▶ Stored data entries
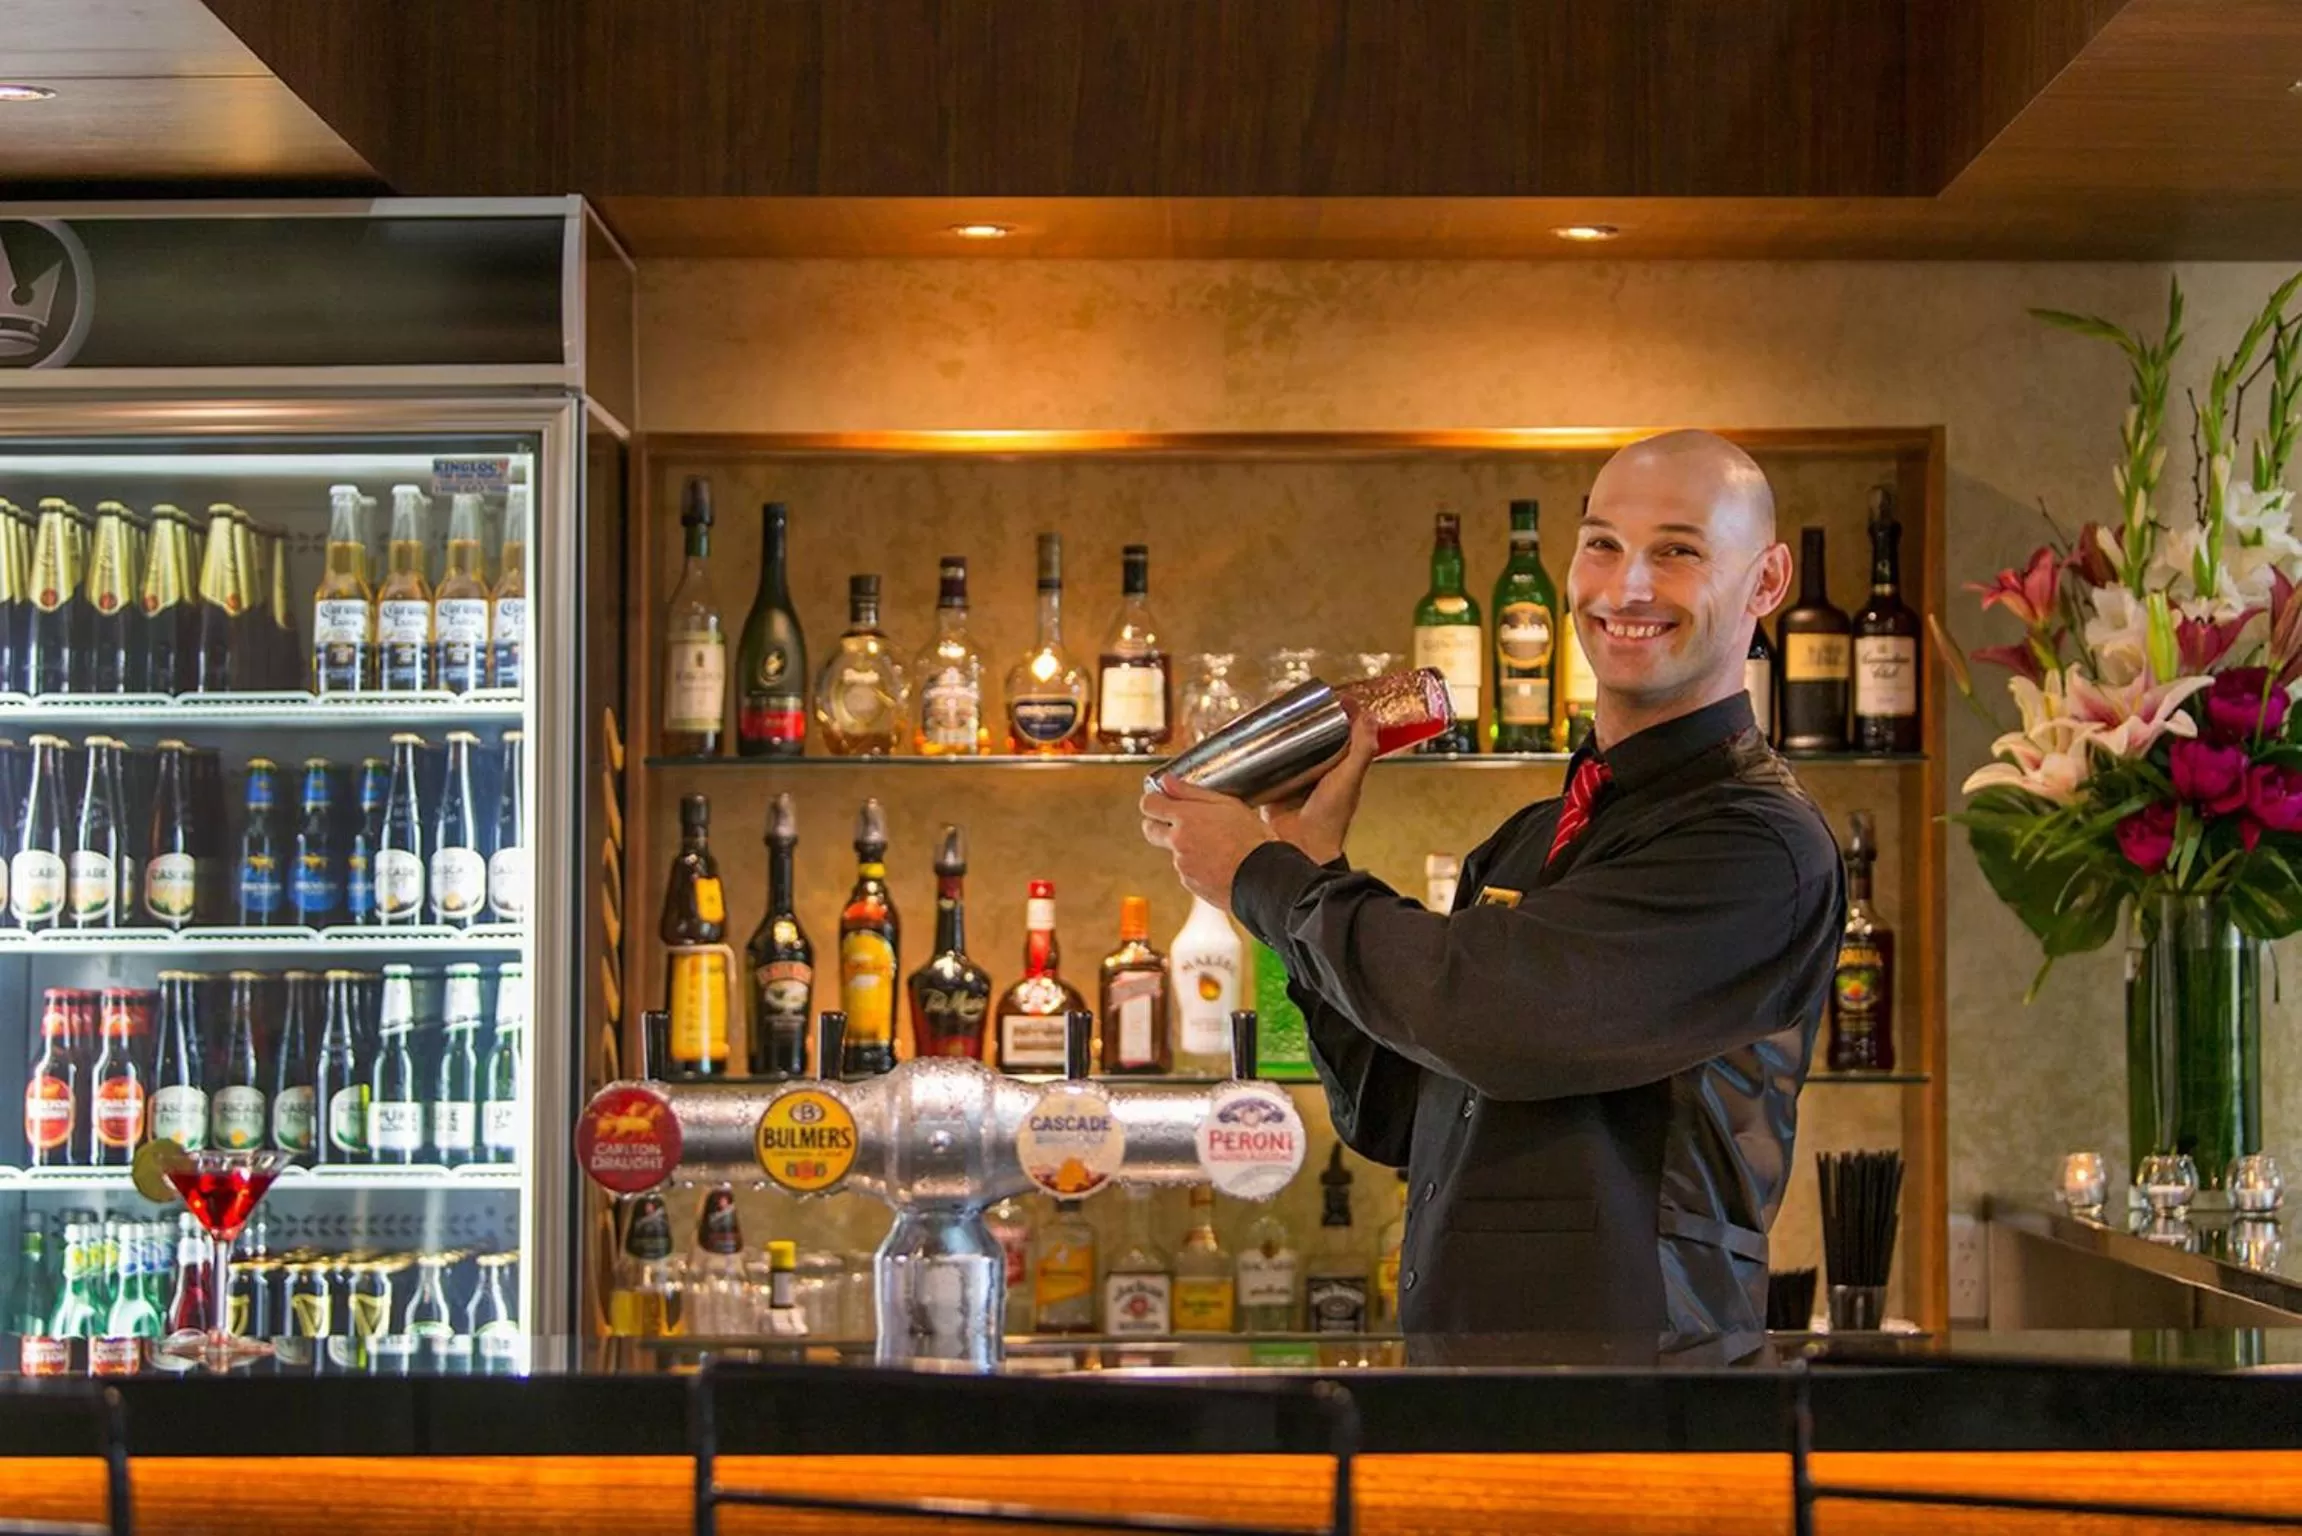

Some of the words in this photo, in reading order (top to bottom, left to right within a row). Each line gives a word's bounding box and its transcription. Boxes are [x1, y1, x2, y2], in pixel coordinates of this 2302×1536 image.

[801, 1104, 815, 1119] B
[1030, 1115, 1112, 1131] CASCADE
[764, 1127, 852, 1149] BULMERS
[1209, 1130, 1294, 1151] PERONI
[594, 1141, 662, 1155] CARLTON
[590, 1156, 664, 1171] DRAUGHT

▶ Your instructions
Transcribe each record exactly as it appears, but omit every picture.

▶ Response to the exercise
Some of the words in this photo, in reading order (top to bottom, left to right within a row). Each line gives a word's bounding box and its transcription. Boxes are [x1, y1, x2, y2], in pixel coordinates of this 2302×1536 image.

[801, 1104, 815, 1119] B
[1030, 1115, 1112, 1131] CASCADE
[764, 1127, 852, 1149] BULMERS
[1209, 1130, 1294, 1151] PERONI
[594, 1141, 662, 1155] CARLTON
[590, 1156, 664, 1171] DRAUGHT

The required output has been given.